* [Task directions] What follows is a listing. Write it all out exactly.

* [Data listing]

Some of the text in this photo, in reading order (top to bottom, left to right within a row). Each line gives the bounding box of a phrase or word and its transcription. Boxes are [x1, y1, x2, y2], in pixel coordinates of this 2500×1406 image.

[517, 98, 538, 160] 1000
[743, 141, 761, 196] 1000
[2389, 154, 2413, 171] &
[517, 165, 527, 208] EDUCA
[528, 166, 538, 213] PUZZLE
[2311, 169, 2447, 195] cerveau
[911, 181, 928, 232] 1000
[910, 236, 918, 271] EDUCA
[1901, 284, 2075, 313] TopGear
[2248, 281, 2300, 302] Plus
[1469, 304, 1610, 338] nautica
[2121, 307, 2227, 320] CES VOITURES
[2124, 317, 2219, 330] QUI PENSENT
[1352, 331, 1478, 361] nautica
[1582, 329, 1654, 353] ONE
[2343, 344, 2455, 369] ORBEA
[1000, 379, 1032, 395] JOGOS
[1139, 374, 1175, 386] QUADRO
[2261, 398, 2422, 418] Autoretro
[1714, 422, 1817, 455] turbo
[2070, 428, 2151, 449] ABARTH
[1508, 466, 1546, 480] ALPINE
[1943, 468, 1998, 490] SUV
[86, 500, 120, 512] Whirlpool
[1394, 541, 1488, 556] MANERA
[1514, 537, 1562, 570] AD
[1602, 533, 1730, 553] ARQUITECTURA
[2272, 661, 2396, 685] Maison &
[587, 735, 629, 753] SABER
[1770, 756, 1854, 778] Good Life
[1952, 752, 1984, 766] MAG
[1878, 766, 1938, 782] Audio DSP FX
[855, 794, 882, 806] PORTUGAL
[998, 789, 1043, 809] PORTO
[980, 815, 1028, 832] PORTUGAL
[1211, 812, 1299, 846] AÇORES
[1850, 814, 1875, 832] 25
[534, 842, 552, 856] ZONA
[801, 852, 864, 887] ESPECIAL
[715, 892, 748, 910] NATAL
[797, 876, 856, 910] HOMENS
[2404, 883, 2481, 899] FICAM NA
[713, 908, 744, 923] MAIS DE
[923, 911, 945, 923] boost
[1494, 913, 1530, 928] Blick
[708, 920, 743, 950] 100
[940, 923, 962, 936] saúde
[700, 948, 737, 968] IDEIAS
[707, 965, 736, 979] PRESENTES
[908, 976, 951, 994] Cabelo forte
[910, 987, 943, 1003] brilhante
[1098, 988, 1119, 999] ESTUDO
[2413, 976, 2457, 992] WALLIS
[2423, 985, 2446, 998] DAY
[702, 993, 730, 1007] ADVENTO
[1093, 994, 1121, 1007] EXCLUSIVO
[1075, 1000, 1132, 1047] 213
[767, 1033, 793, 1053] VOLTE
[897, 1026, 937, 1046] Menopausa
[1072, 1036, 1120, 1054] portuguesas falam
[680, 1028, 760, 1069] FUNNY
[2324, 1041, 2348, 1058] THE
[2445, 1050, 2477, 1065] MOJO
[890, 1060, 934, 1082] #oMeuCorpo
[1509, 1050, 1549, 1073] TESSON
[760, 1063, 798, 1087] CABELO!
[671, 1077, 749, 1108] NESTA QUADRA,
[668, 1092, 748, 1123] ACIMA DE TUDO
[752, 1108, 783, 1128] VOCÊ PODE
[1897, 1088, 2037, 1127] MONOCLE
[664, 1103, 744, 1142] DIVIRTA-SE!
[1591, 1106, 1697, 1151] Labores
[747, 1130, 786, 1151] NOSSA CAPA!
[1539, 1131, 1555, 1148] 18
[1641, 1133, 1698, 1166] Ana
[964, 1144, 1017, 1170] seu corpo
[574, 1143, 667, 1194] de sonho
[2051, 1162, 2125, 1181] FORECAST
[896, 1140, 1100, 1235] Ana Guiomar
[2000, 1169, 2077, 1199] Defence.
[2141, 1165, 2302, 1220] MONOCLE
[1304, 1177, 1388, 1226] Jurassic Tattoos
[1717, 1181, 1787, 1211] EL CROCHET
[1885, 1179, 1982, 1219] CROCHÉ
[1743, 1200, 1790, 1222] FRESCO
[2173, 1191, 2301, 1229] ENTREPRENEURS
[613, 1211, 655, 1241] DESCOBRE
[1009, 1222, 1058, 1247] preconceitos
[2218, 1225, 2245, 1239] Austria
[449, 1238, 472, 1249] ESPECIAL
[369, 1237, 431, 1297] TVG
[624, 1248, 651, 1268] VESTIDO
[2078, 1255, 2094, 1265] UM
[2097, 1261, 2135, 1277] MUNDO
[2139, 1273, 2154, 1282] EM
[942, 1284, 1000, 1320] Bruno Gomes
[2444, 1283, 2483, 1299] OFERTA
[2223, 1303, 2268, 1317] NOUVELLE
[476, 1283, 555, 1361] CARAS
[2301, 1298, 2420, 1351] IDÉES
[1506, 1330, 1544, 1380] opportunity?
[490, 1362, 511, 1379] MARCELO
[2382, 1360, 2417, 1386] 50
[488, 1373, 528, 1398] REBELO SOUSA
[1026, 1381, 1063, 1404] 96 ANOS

* [Exercise solution]
Some of the text in this photo, in reading order (top to bottom, left to right within a row). Each line gives the bounding box of a phrase or word and its transcription. Boxes are [x1, y1, x2, y2], in pixel coordinates of this 2500×1406 image.

[517, 98, 538, 160] 1000
[743, 141, 761, 196] 1000
[2389, 154, 2413, 171] &
[517, 165, 527, 208] EDUCA
[528, 166, 538, 213] PUZZLE
[2311, 169, 2447, 195] cerveau
[911, 181, 928, 232] 1000
[910, 236, 918, 271] EDUCA
[1901, 284, 2075, 313] TopGear
[2248, 281, 2300, 302] Plus
[1469, 304, 1610, 338] nautica
[2121, 307, 2227, 320] CES VOITURES
[2124, 317, 2219, 330] QUI PENSENT
[1352, 331, 1478, 361] nautica
[1582, 329, 1654, 353] ONE
[2343, 344, 2455, 369] ORBEA
[1000, 379, 1032, 395] JOGOS
[1139, 374, 1175, 386] QUADRO
[2261, 398, 2422, 418] Autoretro
[1714, 422, 1817, 455] turbo
[2070, 428, 2151, 449] ABARTH
[1508, 466, 1546, 480] ALPINE
[1943, 468, 1998, 490] SUV
[86, 500, 120, 512] Whirlpool
[1394, 541, 1488, 556] MANERA
[1514, 537, 1562, 570] AD
[1602, 533, 1730, 553] ARQUITECTURA
[2272, 661, 2396, 685] Maison &
[587, 735, 629, 753] SABER
[1770, 756, 1854, 778] Good Life
[1952, 752, 1984, 766] MAG
[1878, 766, 1938, 782] Audio DSP FX
[855, 794, 882, 806] PORTUGAL
[998, 789, 1043, 809] PORTO
[980, 815, 1028, 832] PORTUGAL
[1211, 812, 1299, 846] AÇORES
[1850, 814, 1875, 832] 25
[534, 842, 552, 856] ZONA
[801, 852, 864, 887] ESPECIAL
[715, 892, 748, 910] NATAL
[797, 876, 856, 910] HOMENS
[2404, 883, 2481, 899] FICAM NA
[713, 908, 744, 923] MAIS DE
[923, 911, 945, 923] boost
[1494, 913, 1530, 928] Blick
[708, 920, 743, 950] 100
[940, 923, 962, 936] saúde
[700, 948, 737, 968] IDEIAS
[707, 965, 736, 979] PRESENTES
[908, 976, 951, 994] Cabelo forte
[910, 987, 943, 1003] brilhante
[1098, 988, 1119, 999] ESTUDO
[2413, 976, 2457, 992] WALLIS
[2423, 985, 2446, 998] DAY
[702, 993, 730, 1007] ADVENTO
[1093, 994, 1121, 1007] EXCLUSIVO
[1075, 1000, 1132, 1047] 213
[767, 1033, 793, 1053] VOLTE
[897, 1026, 937, 1046] Menopausa
[1072, 1036, 1120, 1054] portuguesas falam
[680, 1028, 760, 1069] FUNNY
[2324, 1041, 2348, 1058] THE
[2445, 1050, 2477, 1065] MOJO
[890, 1060, 934, 1082] #oMeuCorpo
[1509, 1050, 1549, 1073] TESSON
[760, 1063, 798, 1087] CABELO!
[671, 1077, 749, 1108] NESTA QUADRA,
[668, 1092, 748, 1123] ACIMA DE TUDO
[752, 1108, 783, 1128] VOCÊ PODE
[1897, 1088, 2037, 1127] MONOCLE
[664, 1103, 744, 1142] DIVIRTA-SE!
[1591, 1106, 1697, 1151] Labores
[747, 1130, 786, 1151] NOSSA CAPA!
[1539, 1131, 1555, 1148] 18
[1641, 1133, 1698, 1166] Ana
[964, 1144, 1017, 1170] seu corpo
[574, 1143, 667, 1194] de sonho
[2051, 1162, 2125, 1181] FORECAST
[896, 1140, 1100, 1235] Ana Guiomar
[2000, 1169, 2077, 1199] Defence.
[2141, 1165, 2302, 1220] MONOCLE
[1304, 1177, 1388, 1226] Jurassic Tattoos
[1717, 1181, 1787, 1211] EL CROCHET
[1885, 1179, 1982, 1219] CROCHÉ
[1743, 1200, 1790, 1222] FRESCO
[2173, 1191, 2301, 1229] ENTREPRENEURS
[613, 1211, 655, 1241] DESCOBRE
[1009, 1222, 1058, 1247] preconceitos
[2218, 1225, 2245, 1239] Austria
[449, 1238, 472, 1249] ESPECIAL
[369, 1237, 431, 1297] TVG
[624, 1248, 651, 1268] VESTIDO
[2078, 1255, 2094, 1265] UM
[2097, 1261, 2135, 1277] MUNDO
[2139, 1273, 2154, 1282] EM
[942, 1284, 1000, 1320] Bruno Gomes
[2444, 1283, 2483, 1299] OFERTA
[2223, 1303, 2268, 1317] NOUVELLE
[476, 1283, 555, 1361] CARAS
[2301, 1298, 2420, 1351] IDÉES
[1506, 1330, 1544, 1380] opportunity?
[490, 1362, 511, 1379] MARCELO
[2382, 1360, 2417, 1386] 50
[488, 1373, 528, 1398] REBELO SOUSA
[1026, 1381, 1063, 1404] 96 ANOS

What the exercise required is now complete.